La ciudad de los prodigios. Eduardo Mendoza. Barcelona: Seix Barral, 2003.
Toda una vida
Cuando se publicó La ciudad de los prodigios por primera vez yo tenía cuatro años. Creo que no identifico con seguridad ningún recuerdo de aquella época, salvo mi triciclo, mi muñeca Pepis y los sustos que mi hermano me daba al aparecer de la nada cada vez que me veía sola y mal iluminada en mitad del larguísimo pasillo de nuestra casa.
Desde entonces hasta hoy España ha vivido una Exposición Universal, un jaleo importante organizado en Sevilla en 1992, cuando yo ya contaba una década y el cual recuerdo con un poco más de precisión.
A Onofre Bouvila, protagonista de esta historia, la de Barcelona de 1888 lo sorprende repartiendo panfletos anarquistas entre los operarios y albañiles apostados en los diferentes recintos para el evento. Es el inicio de una novela que alcanza el comienzo del siglo XX con gloria y espíritu fantástico, casi mágico: prodigioso.
La ciudad de los prodigios me viene recomendada por la misma persona que La cartuja de Parma y encuentro que tanto la una como la otra son recorridos vitales de protagonistas ávidos de aventura, de riesgo y de locura, si bien la primera tiene las últimas décadas del siglo XIX español como telón de fondo y el movimiento independentista catalán como andamio fundamental y la otra el ocaso del primer Imperio francés pero se parecen, se parecen.
Desde Sin noticias de Gurb, en el colegio, yo no había vuelto a leer nada de Eduardo Mendoza (Barcelona, 1943) y llevaba con curiosidad por acercarme a esta novela desde los comentarios del escritor en este documental sobre el pabellón de Mies van der Rohe. Las circunstancias, a veces engrasadas con la casualidad, sencillamente encajan con el paso del tiempo.
Onofre prospera, se enreda, se hunde y hunde a los que le rodean, renace, conquista empresas y reaparece como magnate inversor en industrias desconocidas como la del cinematógrafo para llegar a 1929 y taparles la boca a todos los que una vez llegaron a conocerlo.
Brillante y sarcástica narración, una mezcla de escenarios y personajes reales con otros que ojalá lo hubieran sido, porque nuestra historia, sin duda, hubiera sido mucho más memorable de lo que lo es.
Y lo es bastante.

Gran alegría leer una entrada sobre una de mis novelas favoritas de un gran escritor como es Eduardo Mendoza, denostado en su propia tierra, que es la mía también, por el hecho de escribir en castellano.

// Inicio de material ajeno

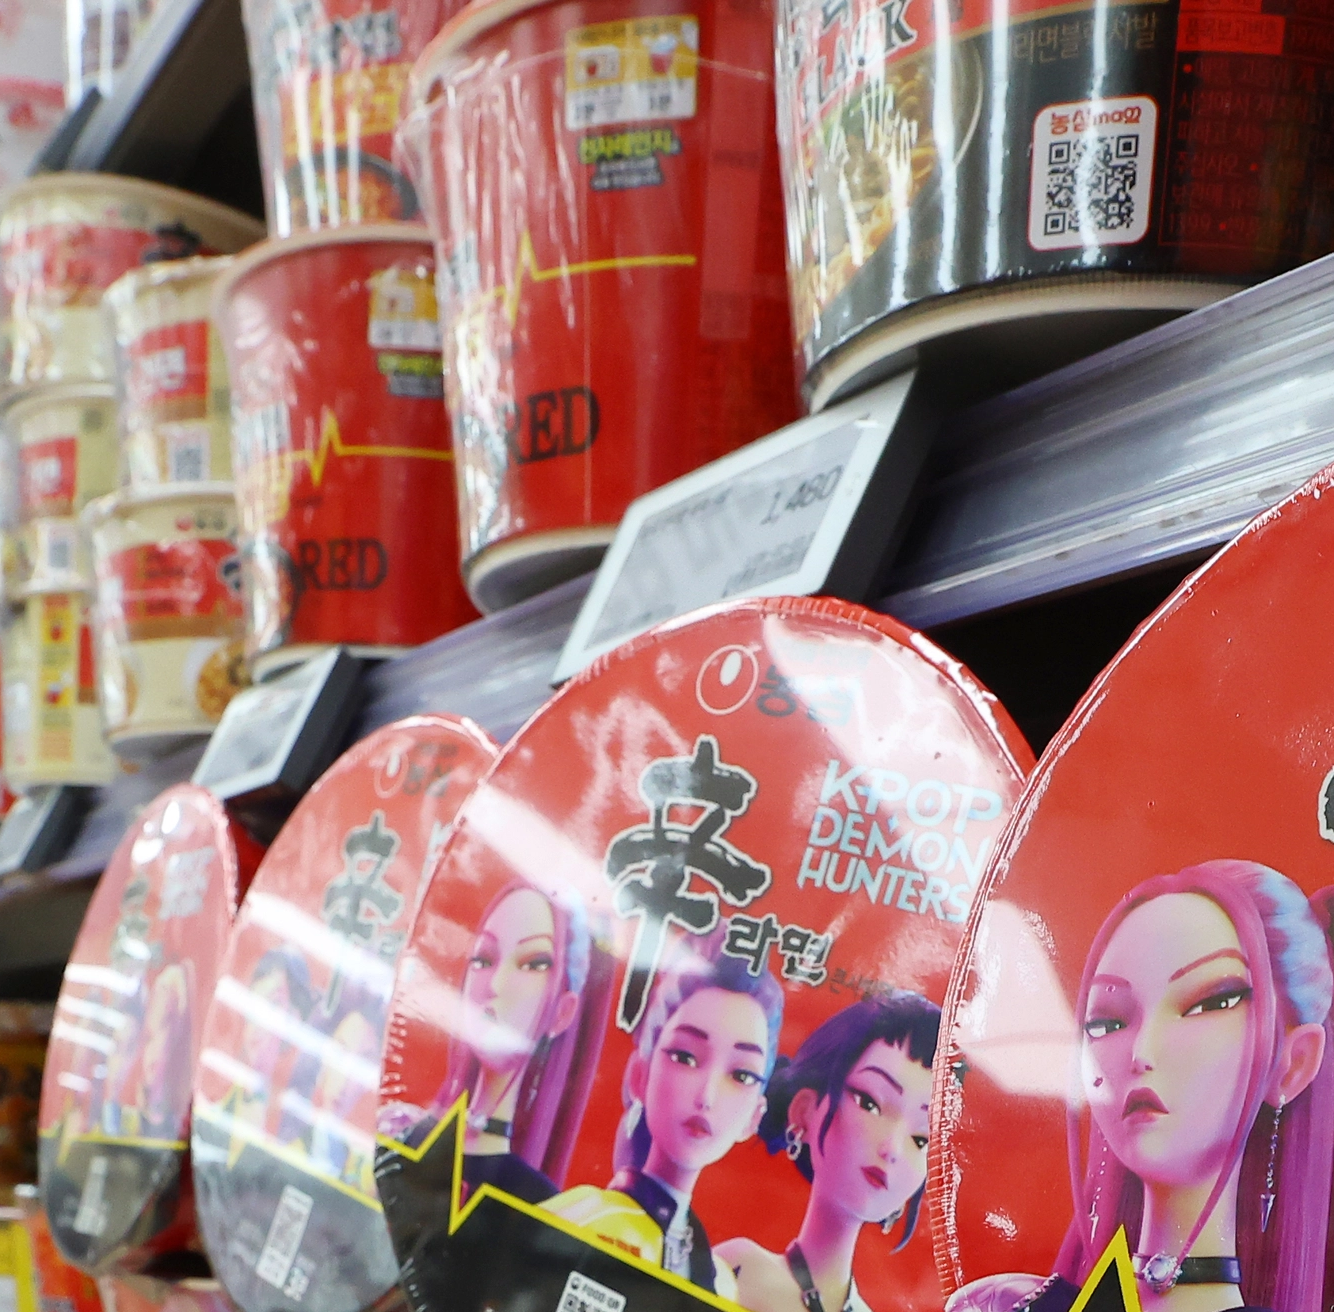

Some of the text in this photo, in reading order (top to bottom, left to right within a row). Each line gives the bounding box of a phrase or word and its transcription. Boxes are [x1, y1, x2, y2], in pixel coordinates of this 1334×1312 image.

[505, 386, 600, 464] RED
[297, 537, 389, 592] RED
[604, 734, 772, 1032] 辛
[808, 812, 992, 883] DEMON
[798, 848, 971, 924] HUNTERS
[720, 916, 833, 986] 라면

Esa es la gran tragedia de nuestro tiempo, el de los nacionalismos de todo pelaje que arrasan con todo lo que signifique libertad y diversidad.

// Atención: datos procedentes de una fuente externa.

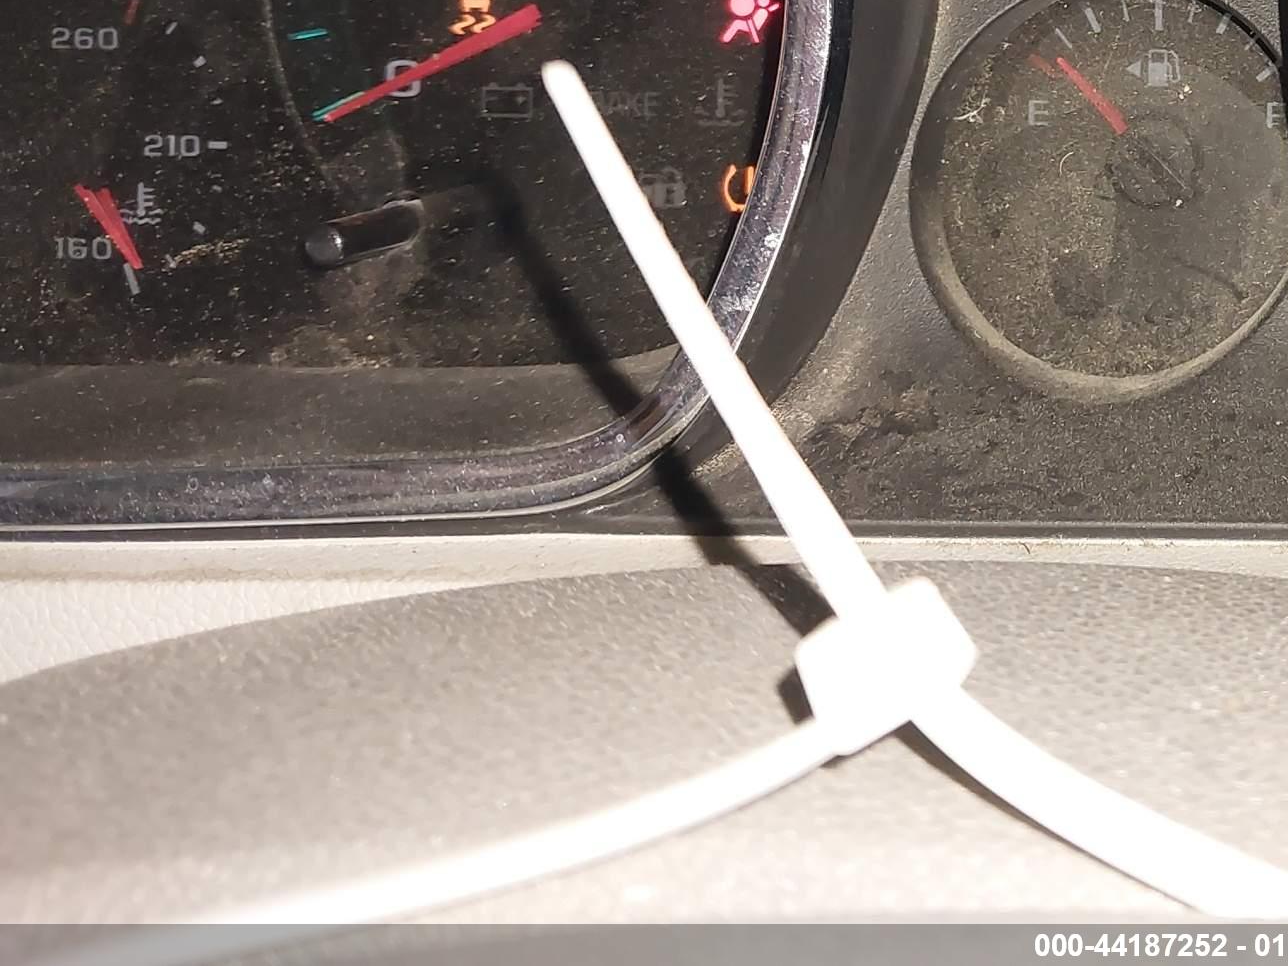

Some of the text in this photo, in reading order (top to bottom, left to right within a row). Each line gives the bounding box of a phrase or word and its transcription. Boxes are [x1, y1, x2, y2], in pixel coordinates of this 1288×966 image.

[50, 27, 120, 51] 260
[1028, 100, 1049, 127] E
[143, 134, 201, 158] 210
[55, 236, 113, 261] 160

La historia de Onofre es, efectivamente, la vida de un pillo que prospera, se hunde y vuelve a renacer. Es la fiel imagen de esa burguesía catalana que generó riqueza de manera exponencial a base de chanchullos, jugarretas y malas artes. Gente inteligente al fin y al cabo: los mismos que adoraron a Franco cuando entró triunfante en la Diagonal y ahora adoran al President de «facto» exiliado en Waterloo. Siempre al sol que más calienta.
Leeré La Cartuja de Parma, he leído tu entrada también y me ha picado la curiosidad.
Un saludo.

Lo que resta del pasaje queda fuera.